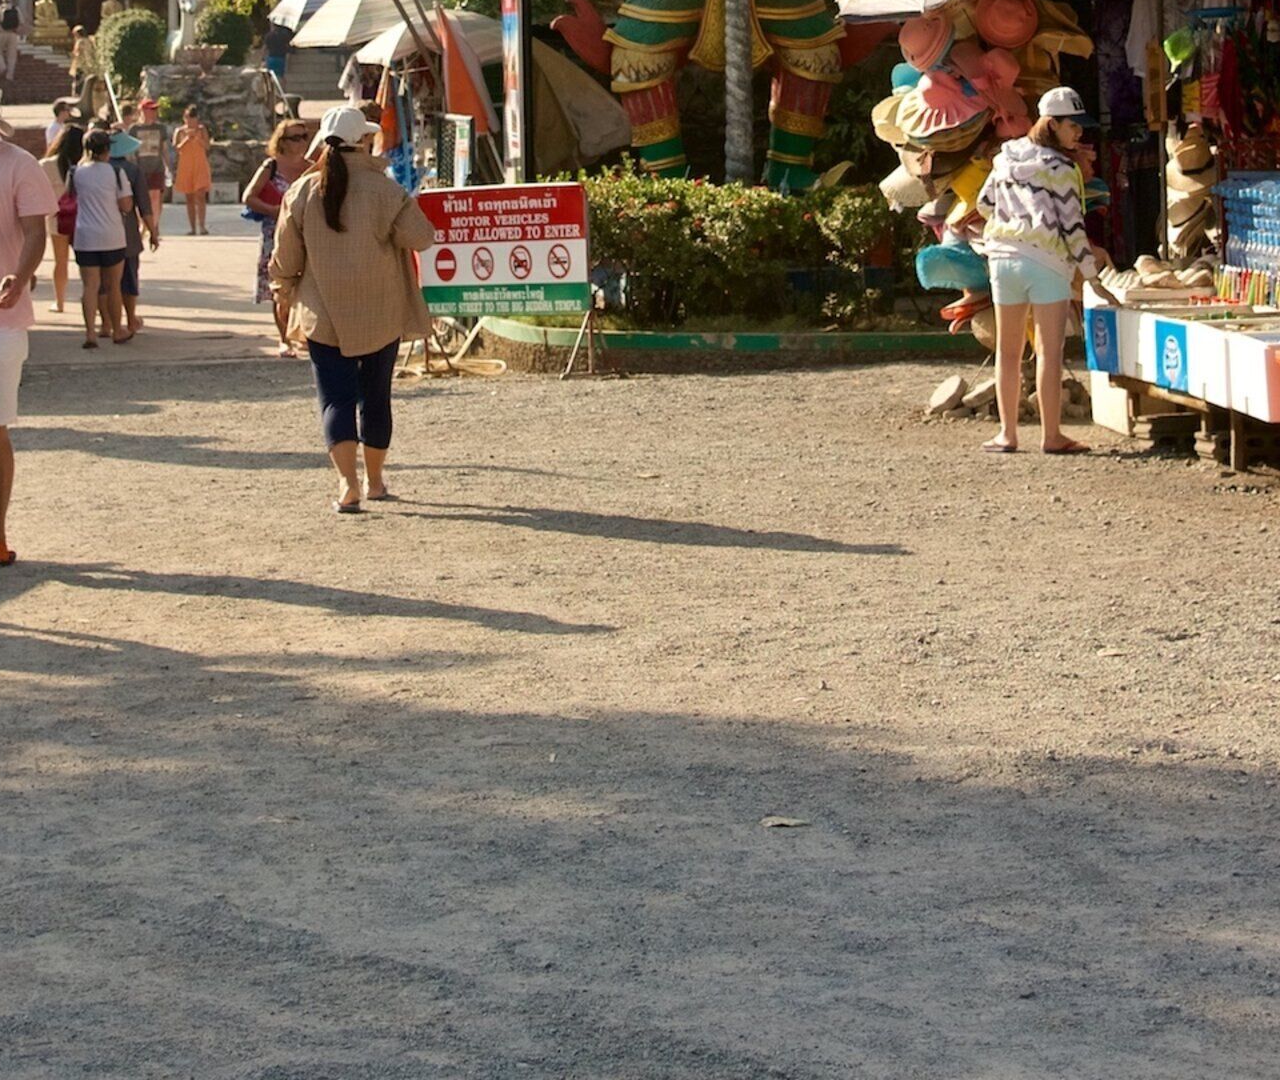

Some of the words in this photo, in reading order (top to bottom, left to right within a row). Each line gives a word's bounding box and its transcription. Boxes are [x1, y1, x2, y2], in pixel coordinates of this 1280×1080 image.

[443, 194, 473, 213] ห้าม!
[478, 193, 558, 215] รถทุกชนิดเข้า
[451, 215, 491, 228] MOTOR
[494, 213, 550, 226] VEHICLES
[434, 229, 446, 242] RE
[449, 228, 470, 242] NOT
[472, 227, 522, 241] ALLOWED
[525, 226, 541, 239] TO
[544, 224, 580, 238] ENTER
[458, 301, 483, 313] STREET
[484, 301, 495, 313] TO
[495, 301, 510, 312] THE
[511, 301, 524, 312] BIG
[525, 300, 553, 312] BUDDHA
[554, 300, 582, 311] TEMPLE

- _YOUR OBJECTIVE_
Would it be possible to print the records above verbatim, pictures omitted?

- _RESPONSE_
Some of the words in this photo, in reading order (top to bottom, left to right within a row). Each line gives a word's bounding box and its transcription. Boxes are [x1, y1, x2, y2], in pixel coordinates of this 1280×1080 image.

[443, 194, 473, 213] ห้าม!
[478, 193, 558, 215] รถทุกชนิดเข้า
[451, 215, 491, 228] MOTOR
[494, 213, 550, 226] VEHICLES
[434, 229, 446, 242] RE
[449, 228, 470, 242] NOT
[472, 227, 522, 241] ALLOWED
[525, 226, 541, 239] TO
[544, 224, 580, 238] ENTER
[458, 301, 483, 313] STREET
[484, 301, 495, 313] TO
[495, 301, 510, 312] THE
[511, 301, 524, 312] BIG
[525, 300, 553, 312] BUDDHA
[554, 300, 582, 311] TEMPLE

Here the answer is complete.